Use monitoring and diagnostics with a Windows VM and Azure Resource Manager templates

The Azure Diagnostics Extension provides the monitoring and diagnostics capabilities on a Windows-based Azure virtual machine. You can enable these capabilities on the virtual machine by including the extension as part of the Azure Resource Manager template. See Authoring Azure Resource Manager Templates with VM Extensions for more information on including any extension as part of a virtual machine template. This article describes how you can add the Azure Diagnostics extension to a windows virtual machine template.

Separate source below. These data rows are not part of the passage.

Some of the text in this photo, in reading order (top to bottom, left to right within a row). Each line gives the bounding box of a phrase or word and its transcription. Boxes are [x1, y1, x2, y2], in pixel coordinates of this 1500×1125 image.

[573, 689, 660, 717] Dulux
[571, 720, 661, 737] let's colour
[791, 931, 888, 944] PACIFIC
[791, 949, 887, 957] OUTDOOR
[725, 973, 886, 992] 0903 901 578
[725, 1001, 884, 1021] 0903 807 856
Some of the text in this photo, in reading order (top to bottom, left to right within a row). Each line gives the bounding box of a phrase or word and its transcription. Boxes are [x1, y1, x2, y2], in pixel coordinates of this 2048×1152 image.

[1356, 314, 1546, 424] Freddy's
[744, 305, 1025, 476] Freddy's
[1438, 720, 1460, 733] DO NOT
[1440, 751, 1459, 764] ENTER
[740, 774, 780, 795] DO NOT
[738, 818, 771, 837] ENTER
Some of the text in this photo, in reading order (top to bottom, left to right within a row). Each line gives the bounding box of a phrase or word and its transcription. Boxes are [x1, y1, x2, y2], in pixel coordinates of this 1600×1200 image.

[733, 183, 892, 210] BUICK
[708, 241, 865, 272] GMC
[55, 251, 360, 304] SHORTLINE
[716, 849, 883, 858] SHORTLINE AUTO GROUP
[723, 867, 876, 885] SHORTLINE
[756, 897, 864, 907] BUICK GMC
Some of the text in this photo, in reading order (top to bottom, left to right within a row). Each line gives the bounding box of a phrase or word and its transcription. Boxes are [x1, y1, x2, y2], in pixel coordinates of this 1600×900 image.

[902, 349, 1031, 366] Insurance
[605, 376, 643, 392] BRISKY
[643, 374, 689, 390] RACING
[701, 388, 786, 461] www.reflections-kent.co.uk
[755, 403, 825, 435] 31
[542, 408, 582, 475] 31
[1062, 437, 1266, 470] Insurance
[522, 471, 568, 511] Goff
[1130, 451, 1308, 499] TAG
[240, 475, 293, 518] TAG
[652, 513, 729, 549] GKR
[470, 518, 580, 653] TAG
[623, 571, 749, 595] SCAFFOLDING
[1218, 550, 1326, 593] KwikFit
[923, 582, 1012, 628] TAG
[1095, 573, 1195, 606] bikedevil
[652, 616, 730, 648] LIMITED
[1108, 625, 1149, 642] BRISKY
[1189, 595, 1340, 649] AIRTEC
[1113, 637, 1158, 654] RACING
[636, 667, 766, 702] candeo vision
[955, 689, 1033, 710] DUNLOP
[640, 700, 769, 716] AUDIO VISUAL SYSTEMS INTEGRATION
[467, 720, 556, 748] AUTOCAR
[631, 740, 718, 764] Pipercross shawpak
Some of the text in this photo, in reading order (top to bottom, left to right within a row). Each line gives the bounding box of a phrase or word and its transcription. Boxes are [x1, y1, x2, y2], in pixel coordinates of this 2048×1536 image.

Add the Azure Diagnostics extension to the VM resource definition

To enable the diagnostics extension on a Windows Virtual Machine, you need to add the extension as a VM resource in the Resource Manager template.

For a simple Resource Manager based Virtual Machine, add the extension configuration to the resources array for the Virtual Machine:

"resources": [
    {
        "name": "Microsoft.Insights.VMDiagnosticsSettings",
        "type": "extensions",
        "location": "[resourceGroup().location]",
        "apiVersion": "2015-06-15",
        "dependsOn": [
            "[concat('Microsoft.Compute/virtualMachines/', variables('vmName'))]"
        ],
        "tags": {
            "displayName": "AzureDiagnostics"
        },
        "properties": {
            "publisher": "Microsoft.Azure.Diagnostics",
            "type": "IaaSDiagnostics",
            "typeHandlerVersion": "1.5",
            "autoUpgradeMinorVersion": true,
            "settings": {
                "xmlCfg": "[base64(concat(variables('wadcfgxstart'), variables('wadmetricsresourceid'), variables('vmName'), variables('wadcfgxend')))]",
                "storageAccount": "[parameters('existingdiagnosticsStorageAccountName')]"
            },
            "protectedSettings": {
                "storageAccountName": "[parameters('existingdiagnosticsStorageAccountName')]",
                "storageAccountKey": "[listkeys(variables('accountid'), '2015-05-01-preview').key1]",
                "storageAccountEndPoint": "https://core.windows.net"
            }
        }
    }
]

Another common convention is to add the extension configuration at the root resources node of the template instead of defining it under the virtual machine's resources node. With this approach, you have to explicitly specify a hierarchical relation between the extension and the virtual machine with the name and type values. For example:

"name": "[concat(variables('vmName'),'Microsoft.Insights.VMDiagnosticsSettings')]",
"type": "Microsoft.Compute/virtualMachines/extensions",

The extension is always associated with the virtual machine, you can either directly define it under the virtual machine's resource node directly or define it at the base level and use the hierarchical naming convention to associate it with the virtual machine.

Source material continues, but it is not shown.